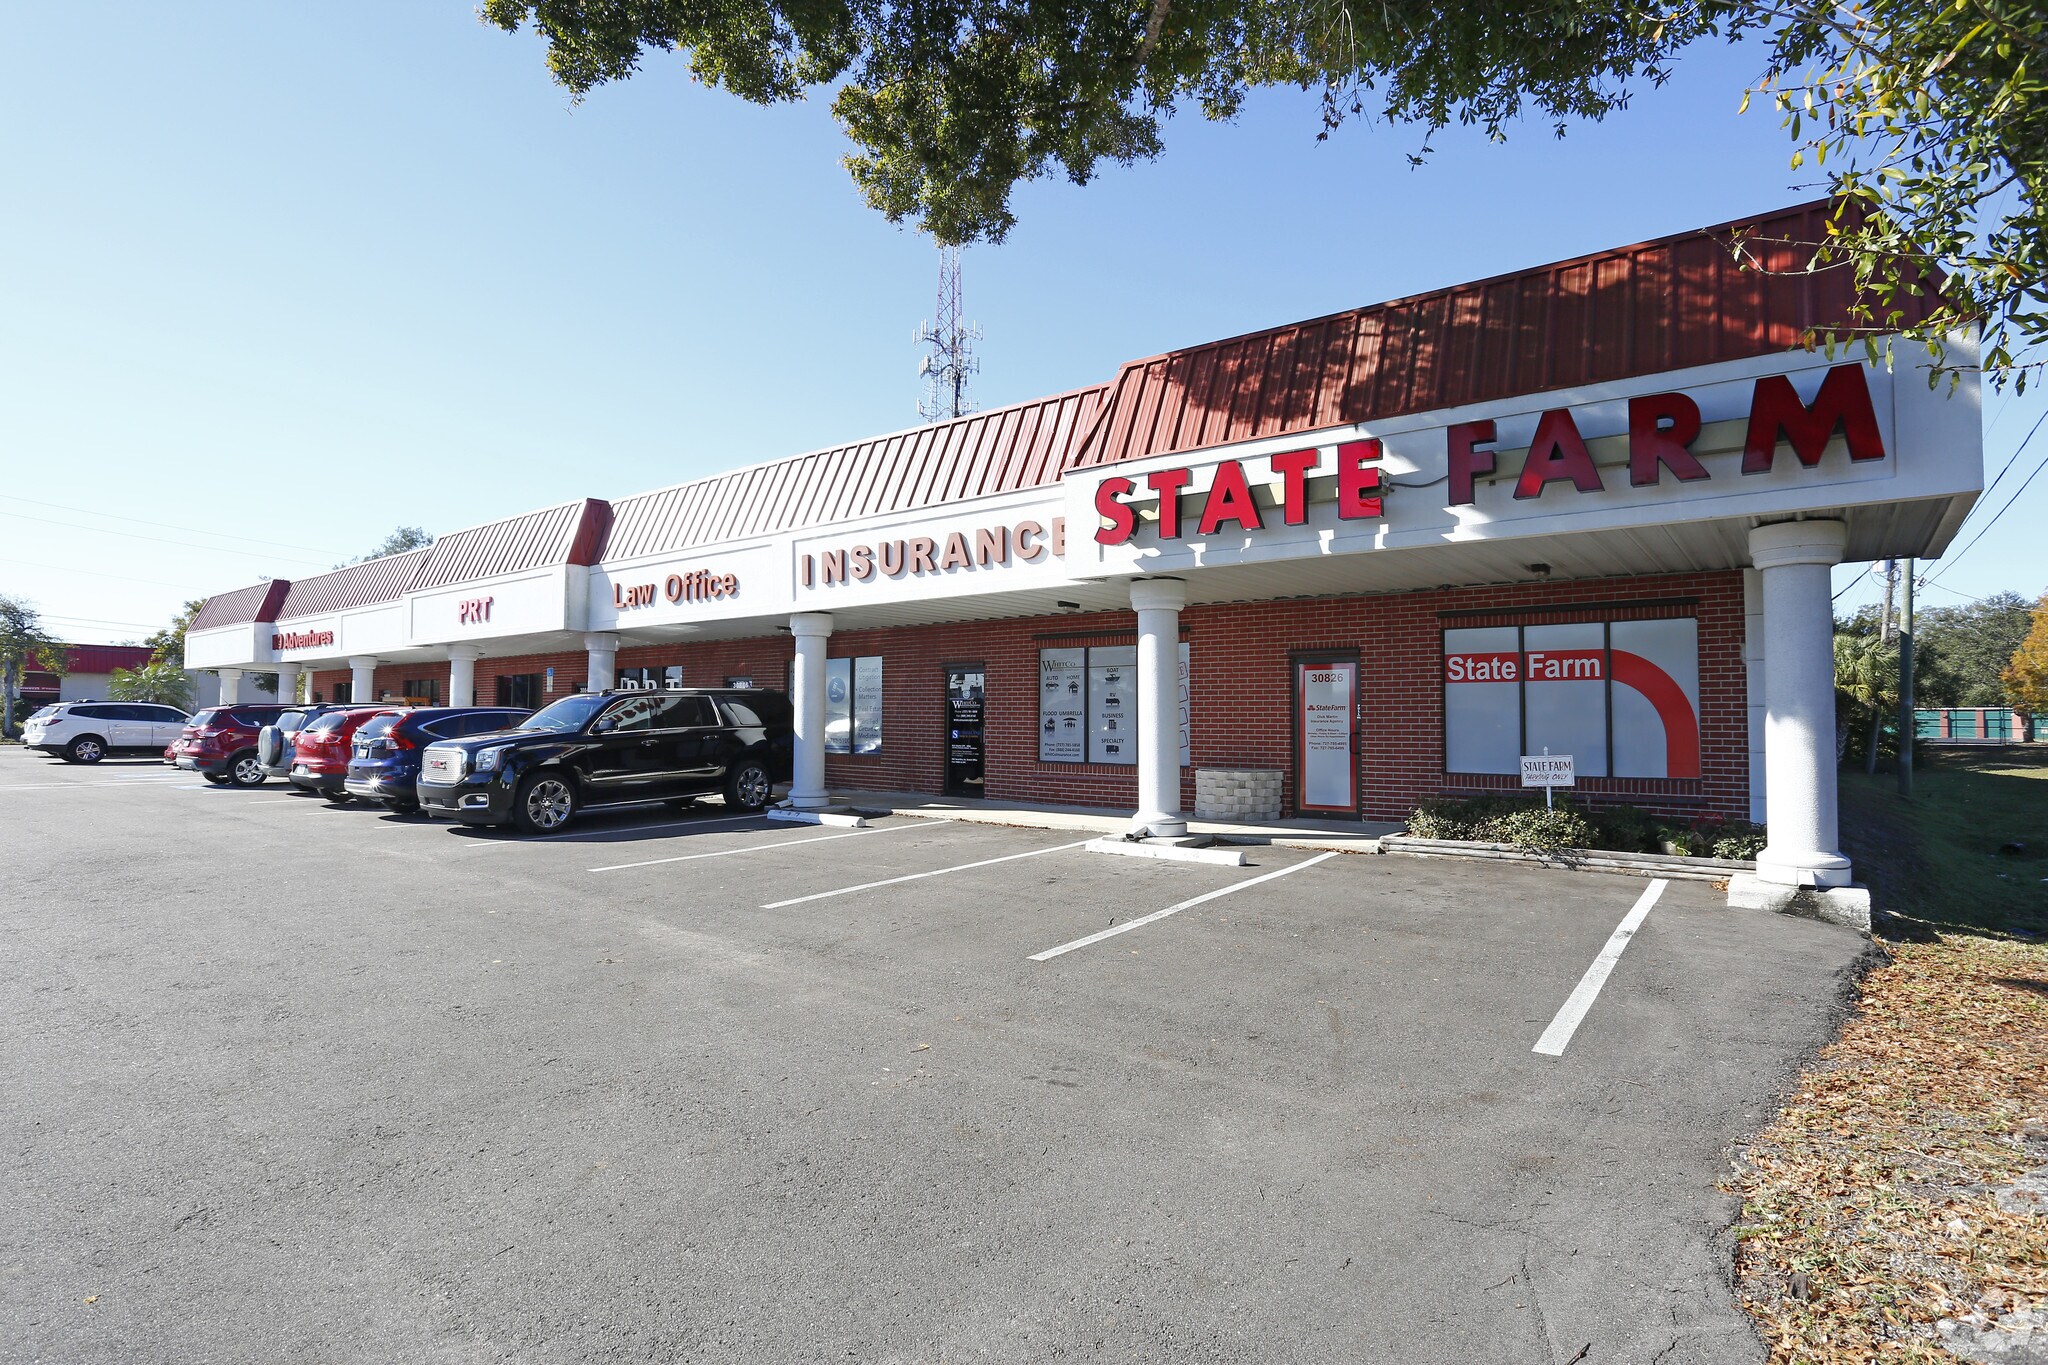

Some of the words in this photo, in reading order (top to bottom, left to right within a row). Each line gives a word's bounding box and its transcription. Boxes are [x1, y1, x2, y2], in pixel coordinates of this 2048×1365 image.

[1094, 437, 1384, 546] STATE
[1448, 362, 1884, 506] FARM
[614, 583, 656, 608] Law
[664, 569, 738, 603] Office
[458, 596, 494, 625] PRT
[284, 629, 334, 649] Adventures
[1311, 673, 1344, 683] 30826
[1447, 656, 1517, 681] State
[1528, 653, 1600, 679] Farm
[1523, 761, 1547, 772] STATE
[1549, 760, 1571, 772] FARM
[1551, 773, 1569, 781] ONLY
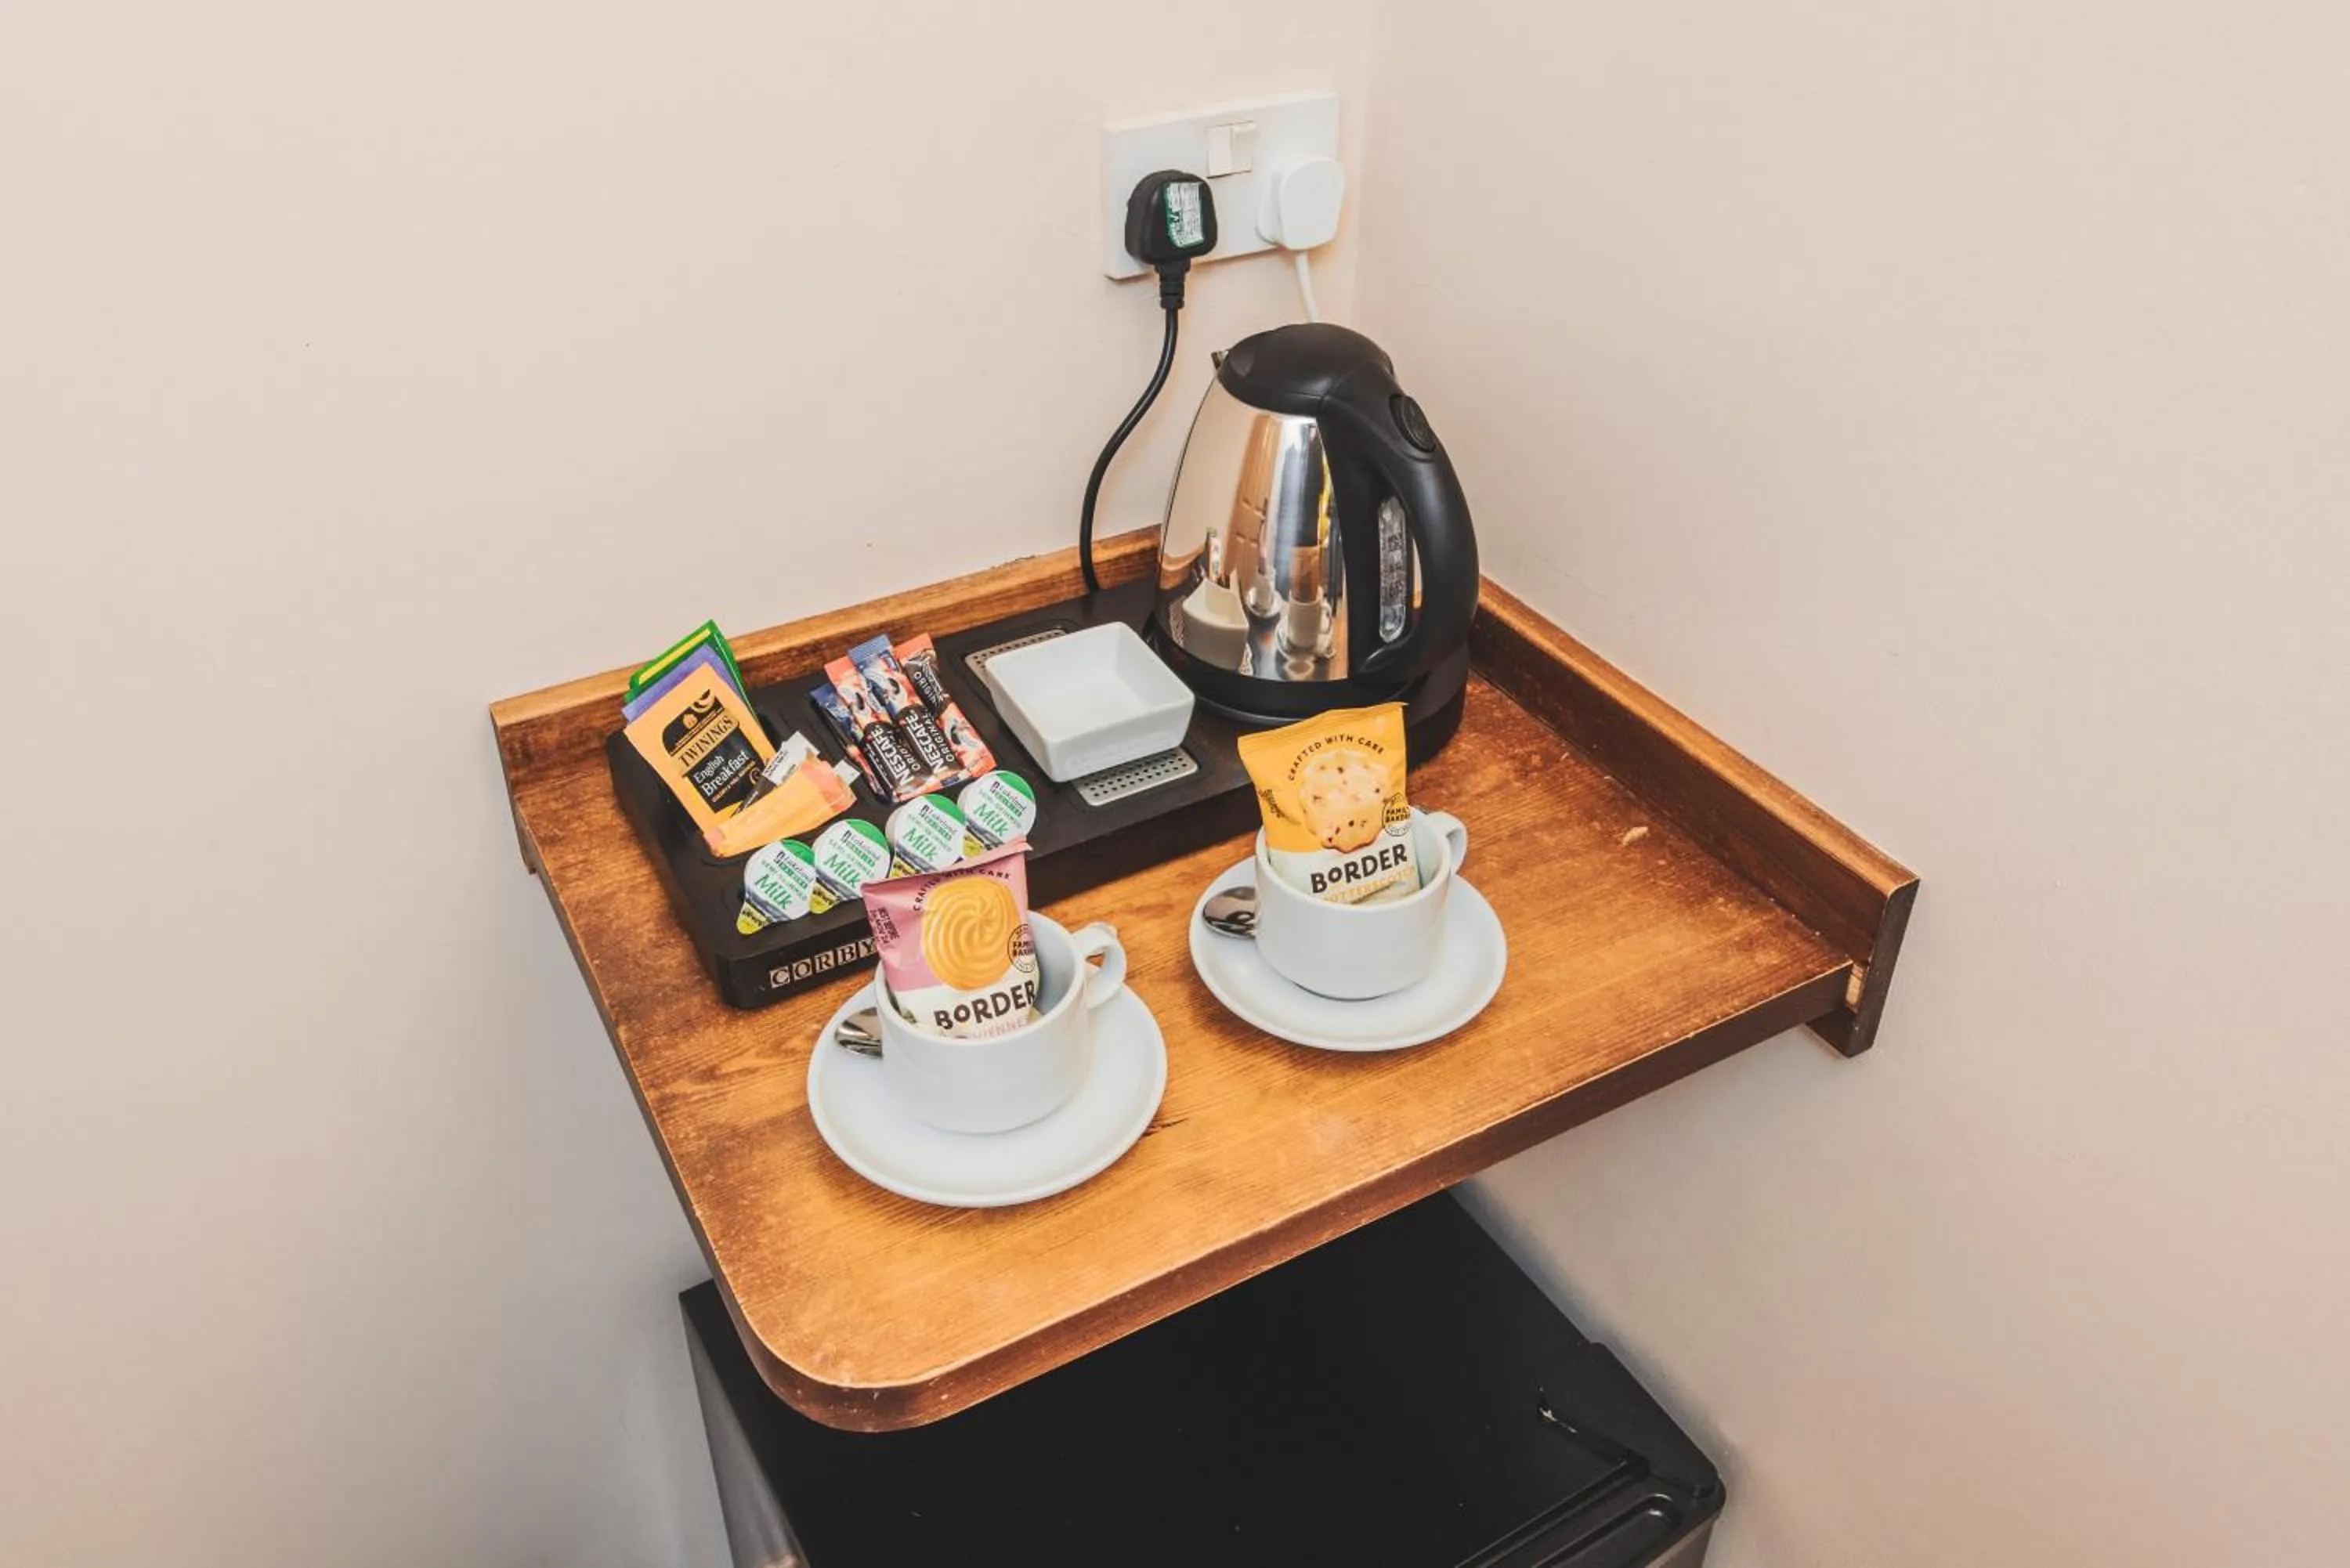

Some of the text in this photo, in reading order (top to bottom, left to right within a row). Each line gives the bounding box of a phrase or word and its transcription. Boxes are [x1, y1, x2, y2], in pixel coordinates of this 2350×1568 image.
########
Could you give the material above again, exactly and without its pictures?

* _Expected answer_
Some of the words in this photo, in reading order (top to bottom, left to right within a row). Each line gives a word's bounding box and its transcription. Boxes are [x1, y1, x2, y2], in pixel coordinates of this 2048×1365 image.

[1094, 437, 1384, 546] STATE
[1448, 362, 1884, 506] FARM
[614, 583, 656, 608] Law
[664, 569, 738, 603] Office
[458, 596, 494, 625] PRT
[284, 629, 334, 649] Adventures
[1311, 673, 1344, 683] 30826
[1447, 656, 1517, 681] State
[1528, 653, 1600, 679] Farm
[1523, 761, 1547, 772] STATE
[1549, 760, 1571, 772] FARM
[1551, 773, 1569, 781] ONLY

Some of the text in this photo, in reading order (top to bottom, left to right within a row). Each line gives the bounding box of a phrase or word and its transcription. Boxes are [x1, y1, x2, y2], in pixel coordinates of this 2350×1568 image.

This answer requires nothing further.